But now I’m old. The articles I’ve read about the changing nature of friendships in adulthood tend to focus on the late twenties and early thirties as the pivot point, but we Orthodox Jews like to get a jump-start on adulthood by marrying early. So now I’m old, and I live in the suburbs and my buffet of friends is gone, or at least a bridge or a tunnel away.
When you’re young and Modern Orthodox and living in New York, you typically live in Washington Heights. I, on the other hand, live in New Jersey, in a small Jewish community that until a year ago I’d heard of only once. I don’t go to grad school, so making friends there is not an option and, as I’m sure everyone is sick of hearing, I won’t have children for some time, a change that, on average, adds nine new friends to a woman’s social circle. I got married and I suddenly found myself best-friendless, feeling a bit like I was holding up a friendship bracelet with no one to give it to.

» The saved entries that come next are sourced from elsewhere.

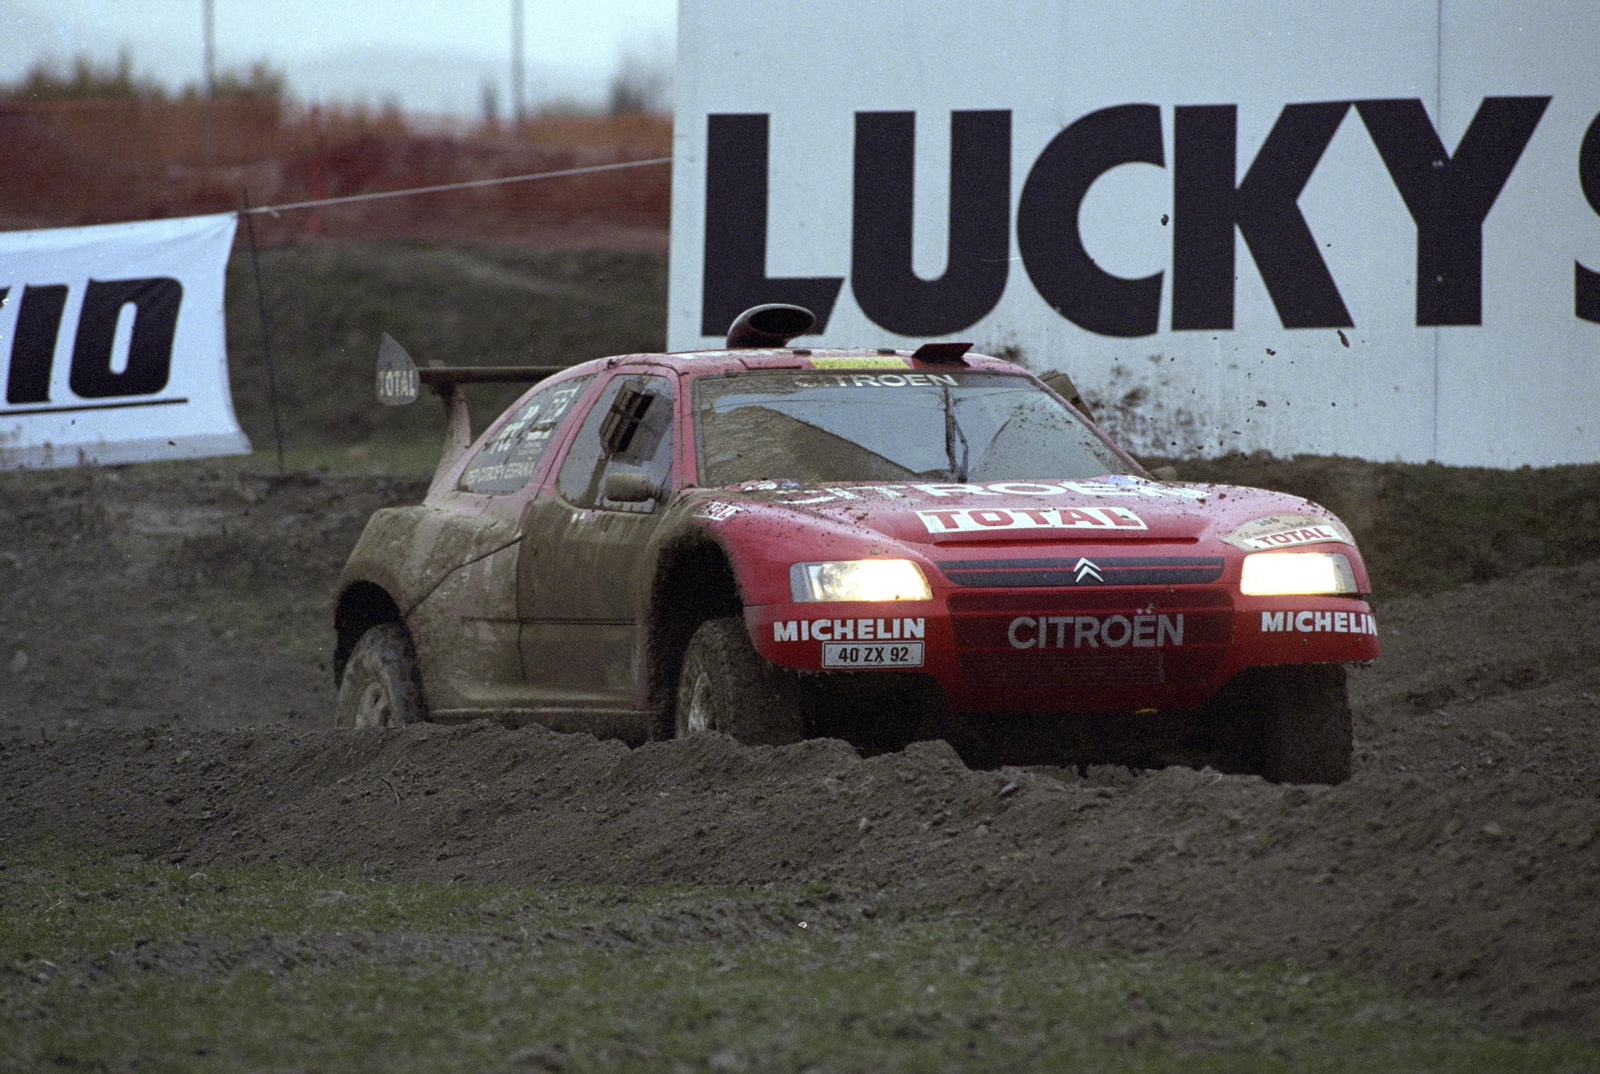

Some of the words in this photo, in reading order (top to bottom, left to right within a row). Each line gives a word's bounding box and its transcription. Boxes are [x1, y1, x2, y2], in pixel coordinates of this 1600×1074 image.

[702, 95, 1553, 337] LUCKY
[378, 370, 416, 397] TOTAL
[795, 374, 959, 387] CTROEN
[921, 508, 1143, 530] TOTAL
[1255, 527, 1332, 546] TOTAL
[773, 617, 925, 642] MICHELIN
[1007, 607, 1184, 649] CITROËN
[1261, 610, 1378, 636] MICHELIN
[838, 647, 859, 663] 40
[864, 646, 884, 662] ZX
[890, 646, 909, 662] 92
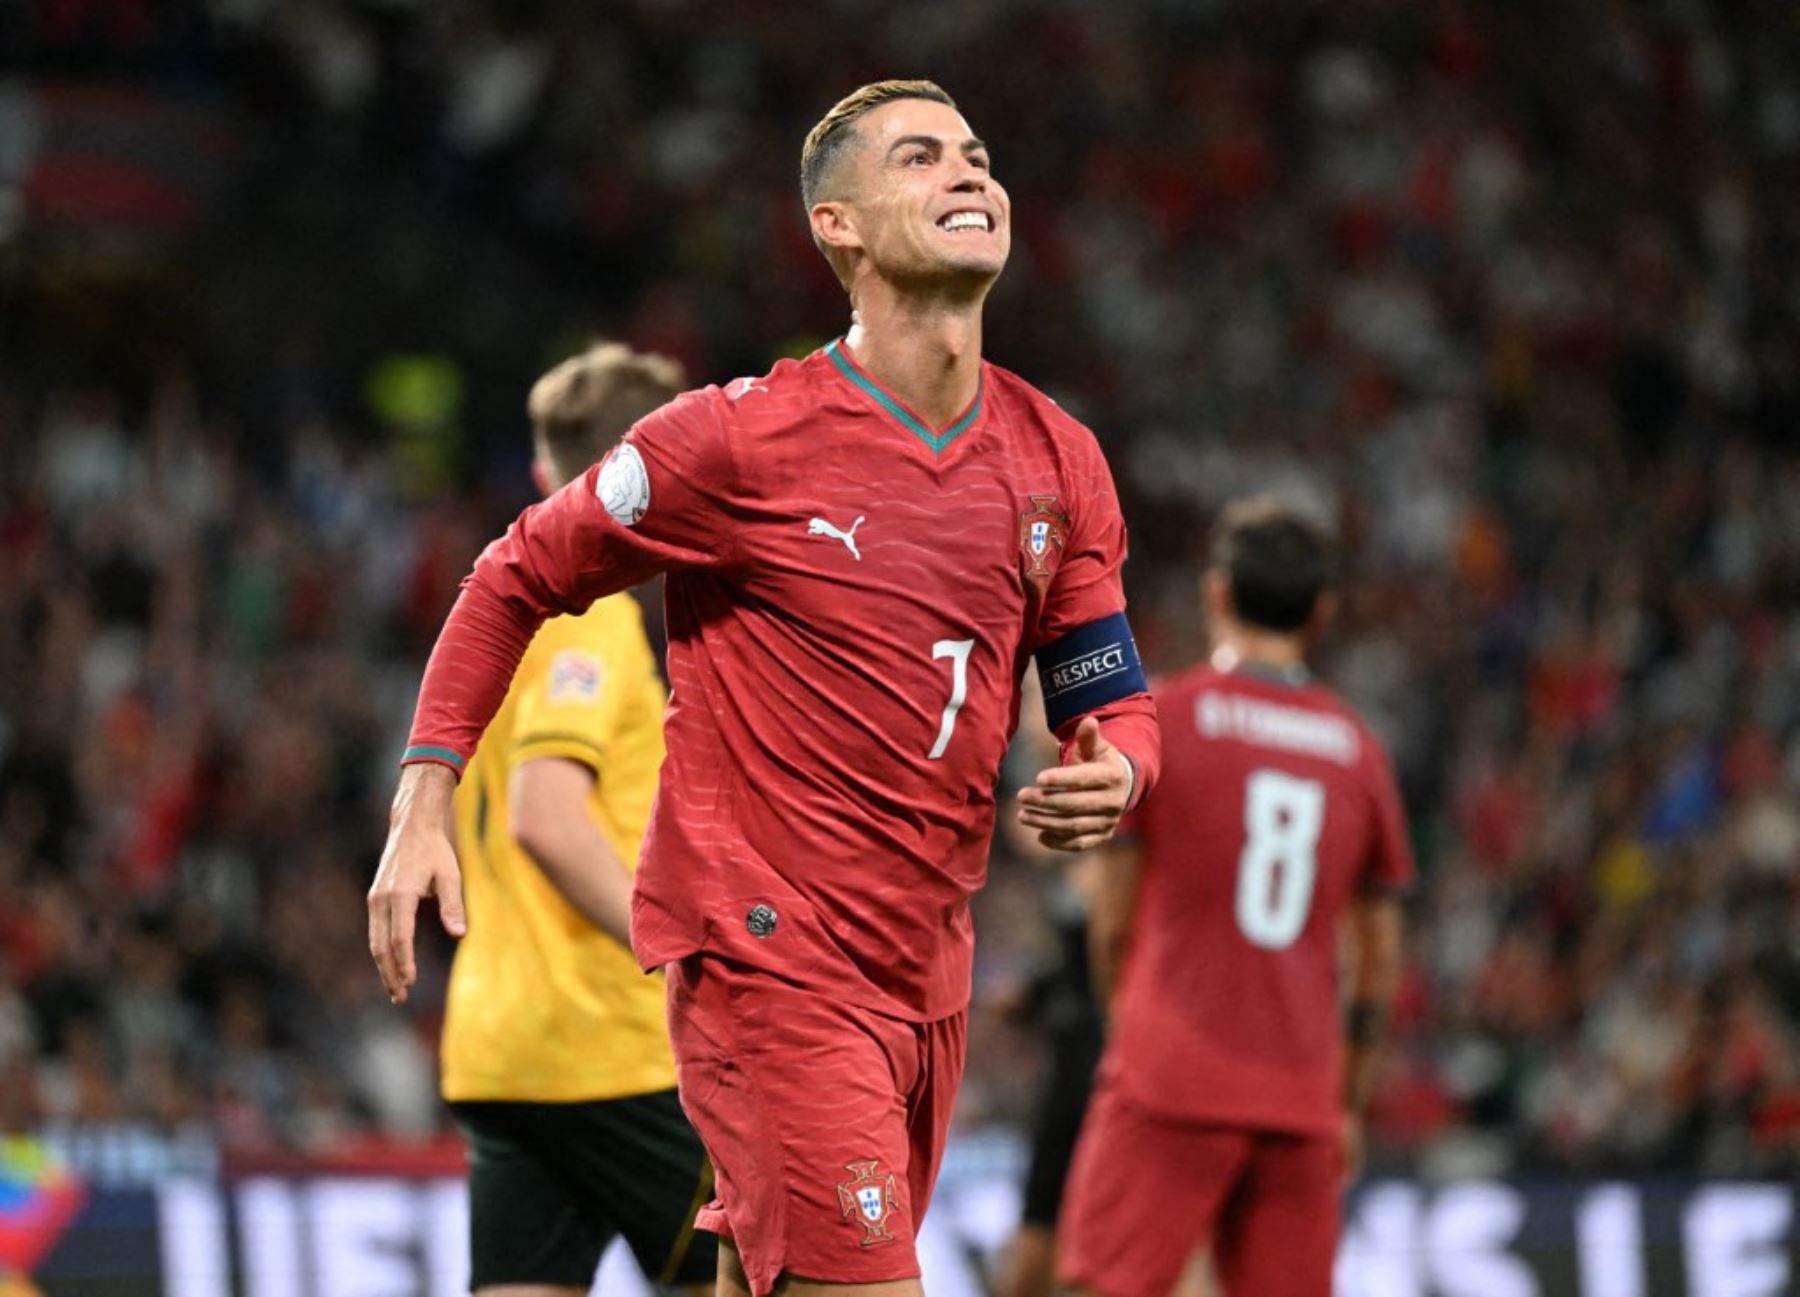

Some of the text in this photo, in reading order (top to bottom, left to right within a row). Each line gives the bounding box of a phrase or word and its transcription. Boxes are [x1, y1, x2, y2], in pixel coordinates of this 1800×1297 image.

[928, 638, 975, 760] 7
[1053, 649, 1123, 688] RESPECT
[1236, 769, 1325, 949] 8
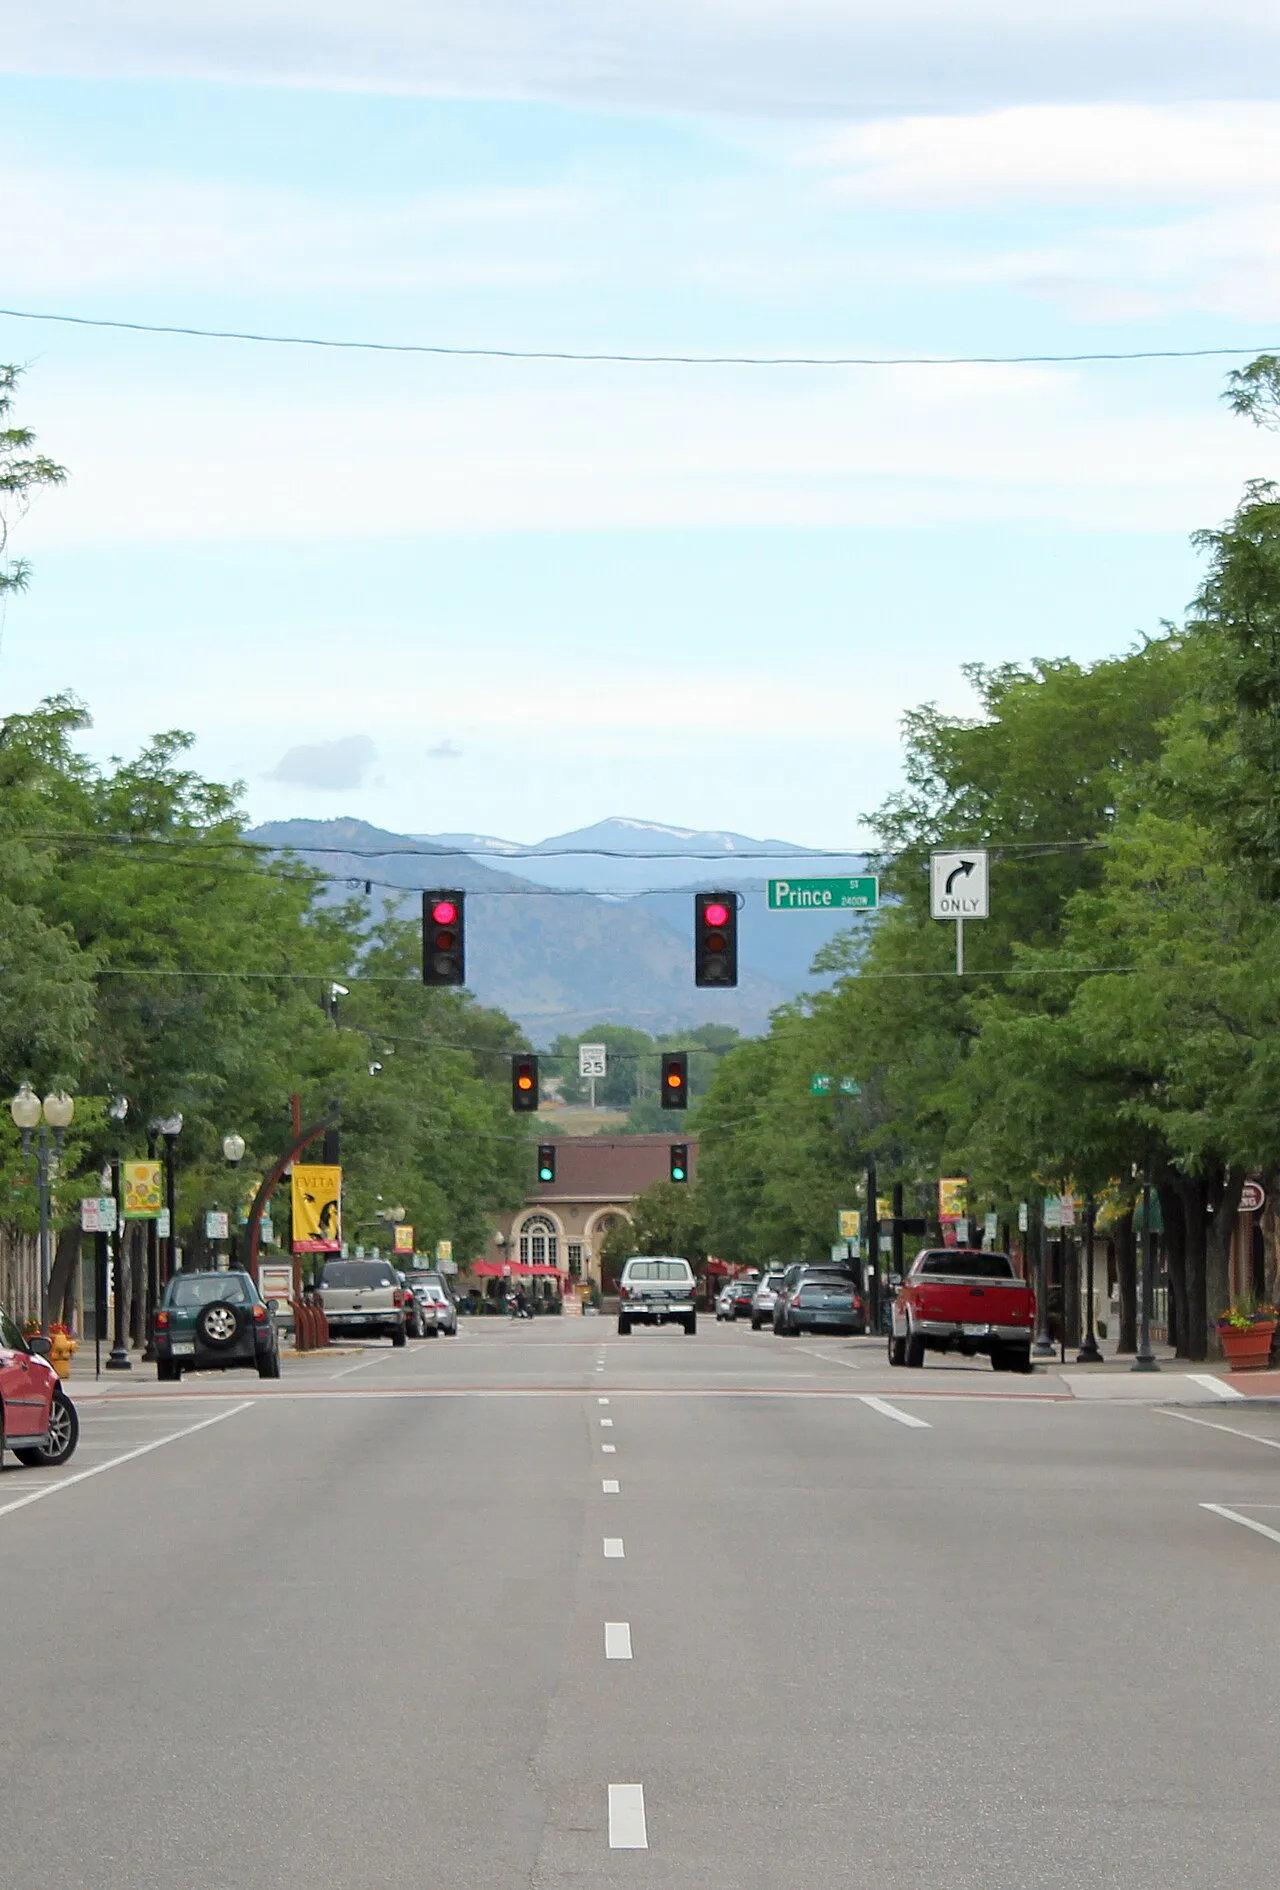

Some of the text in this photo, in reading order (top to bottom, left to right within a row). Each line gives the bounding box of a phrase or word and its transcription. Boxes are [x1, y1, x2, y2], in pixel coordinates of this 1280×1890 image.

[775, 881, 832, 906] Prince
[841, 896, 868, 906] 2400W
[940, 899, 980, 912] ONLY
[583, 1061, 604, 1073] 25
[296, 1176, 335, 1188] EVITA
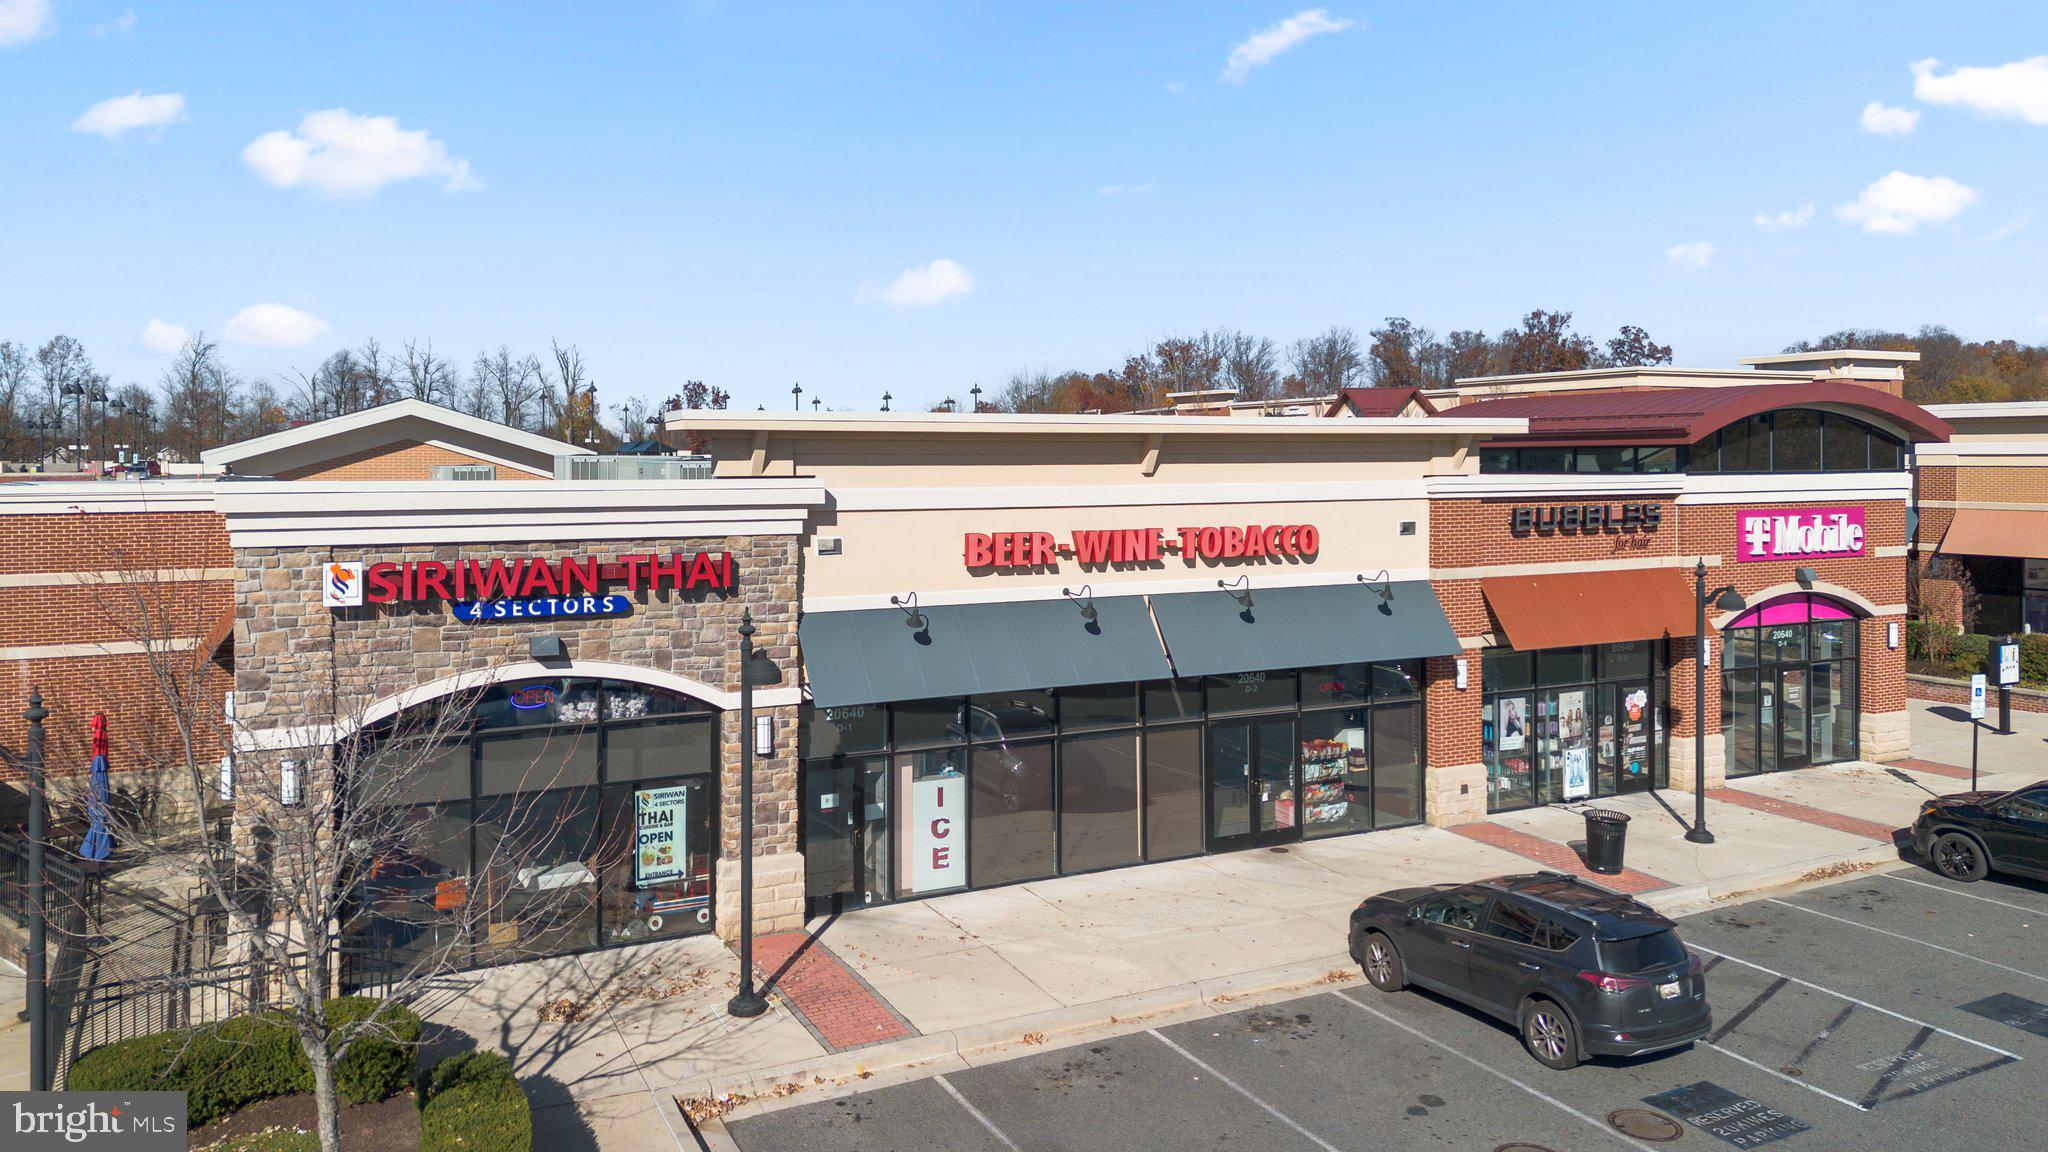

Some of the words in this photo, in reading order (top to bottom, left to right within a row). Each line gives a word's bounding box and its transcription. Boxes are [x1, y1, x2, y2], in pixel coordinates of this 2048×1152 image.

Of course, my husband is my best friend and all that, but not having a friend I could gossip with from time to time made me realize how much I need estrogen-fueled companionship. Sure, my husband completes me, and I can talk to him about anything, but complaining to someone about lady stuff is entirely less fulfilling when they can’t complain back. There are certain things I need friends for, and not just friends on Gchat.
When we were first married — a whole five and a half months ago — this was much harder for me. Jeremy saw how sad I was living so far from my college friends and he offered to move. “Let’s give it a year,” I bravely told him. We had friends over for Shabbat, and had frequent meals with the one couple we knew in town. We Facebook friended everyone we met in the community, hoping they would turn into real-life friends.
As weeks passed, the urgency to find a new BFF nearby diminished. Nothing changed, except for my own mindset. I realized I was so desperate for friends — couple friends and a female soul mate — that I wasn’t letting it happen naturally. And, importantly, I was terrified of becoming a quiet married couple without the active social life I enjoyed in college. But we’re slowly becoming just that, and it’s simply part of growing up. I wasn’t prepared for that when we got married, but with Jeremy’s patient support and a few bursts of frenzied socializing in the city, I’ve become happier at the thought of spending time just with my husband. And when he’s not there? Well, I do things that I enjoy: writing, reading, even napping.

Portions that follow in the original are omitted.